La raison pour laquelle notre système de santé entraîne des dépenses excessives en médicaments est, dans une large mesure, l'excès de prescription sur le marché des médicaments de moins de cinq ans (bien au-dessus de la moyenne des médicaments en Allemagne et au Royaume-Uni, par exemple), les médicaments les plus chers par rapport aux génériques. Beaucoup de ces recettes sont dues à la pression que l'industrie exerce sur les médecins à travers les visiteurs. Tout cela nous amène à penser que l'industrie pharmaceutique devrait se passer, à tous les niveaux, de l'information et de la formation des professionnels de santé. Les institutions professionnelles ou d'enseignement universitaire et hospitalier devraient être responsables de cette formation, avec un financement totalement indépendant des laboratoires pharmaceutiques.
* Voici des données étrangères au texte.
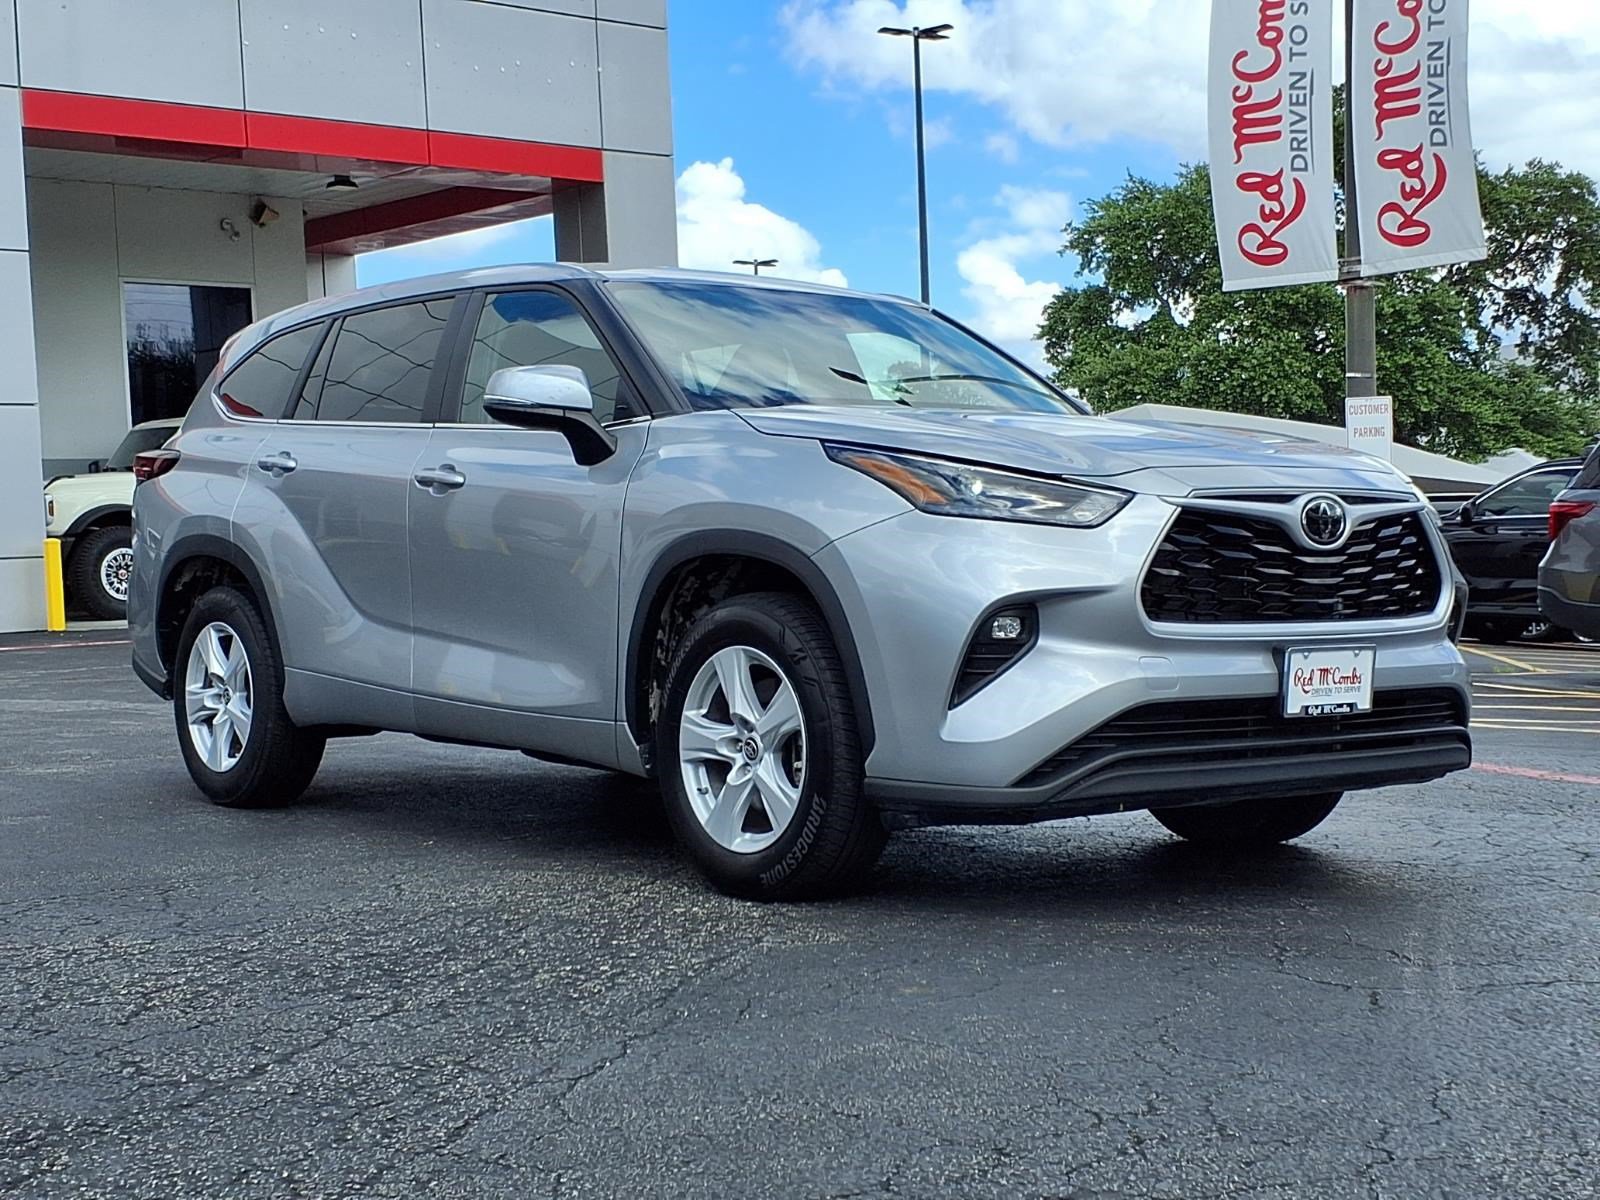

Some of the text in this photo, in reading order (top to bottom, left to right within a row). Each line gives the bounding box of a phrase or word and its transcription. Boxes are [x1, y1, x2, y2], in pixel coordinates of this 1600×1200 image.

[1289, 24, 1309, 63] TO
[1427, 40, 1448, 148] DRIVEN
[1231, 0, 1306, 267] Red McCom
[1289, 70, 1309, 173] DRIVEN
[1373, 0, 1448, 248] Red McCo
[1349, 404, 1389, 415] CUSTOMER
[1354, 427, 1385, 438] PARKING
[1294, 666, 1362, 694] Red McCombs
[1311, 686, 1361, 696] DRIVEN TO SERVE
Une autre évidence est que les nouveaux médicaments qui sont souvent commercialisés n'ont pas d'avantages par rapport à ceux qui existent déjà sur le marché, et que la majorité (75% ou plus) sont des variantes de médicaments antérieurs, appelés en anglais me-too-drugs. La raison pour laquelle les organismes de réglementation acceptent de commercialiser autant de médicaments superflus est que pour commercialiser un nouveau médicament il suffit de prouver que l'effet est supérieur à un placebo, mais qu'il n'est pas nécessaire de prouver qu'il est plus efficace que le meilleur traitement disponible jusqu'à présent. D'autre part, la stratégie pour trouver les «me-too-drugs» est basée sur la nécessité pour le laboratoire de commercialiser une alternative à un médicament qui est sur le point d'expirer le brevet, et sur la prétention que la concurrence assume une part de la part de marché d'un certain médicament.
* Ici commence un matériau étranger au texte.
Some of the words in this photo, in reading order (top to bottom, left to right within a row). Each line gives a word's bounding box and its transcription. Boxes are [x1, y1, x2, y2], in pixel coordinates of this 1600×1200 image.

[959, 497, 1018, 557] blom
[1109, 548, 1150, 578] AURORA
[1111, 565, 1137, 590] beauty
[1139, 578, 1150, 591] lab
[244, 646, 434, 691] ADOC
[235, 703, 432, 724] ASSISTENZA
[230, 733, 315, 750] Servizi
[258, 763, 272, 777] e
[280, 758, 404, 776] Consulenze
Cependant, la plupart des médicaments me-too-drugs sont commercialisés par des laboratoires rivaux avec l'intention de s'introduire dans un marché des bénéfices. Les statines (utilisées pour réduire le cholestérol), les antidépresseurs du groupe ISRS, ou les antihypertenseurs du groupe IECA en sont la preuve. Cependant, en ne comparant pas les médicaments avec les autres, les avantages qu'un principe actif a sur l'autre du même groupe thérapeutique sont pratiquement nuls ou sont dus, au maximum, à la dose prise.
Cependant, il faut garder à l'esprit que l'industrie pharmaceutique joue un rôle très important dans la promotion de la santé et que, d'autre part, il est logique, comme toute autre entreprise, de rechercher une rentabilité dans son investissement en recherche. S'il ne disposait pas de revenus minimaux, sa diffusion serait paralysée et on ne tirerait pas le bénéfice nécessaire pour faire de nouvelles recherches et développer de nouveaux médicaments.
Cependant, tous les acteurs concernés devraient essayer que l'industrie pharmaceutique retrouve son rôle initial : développer des médicaments à un coût raisonnable de plus en plus efficaces et sûrs.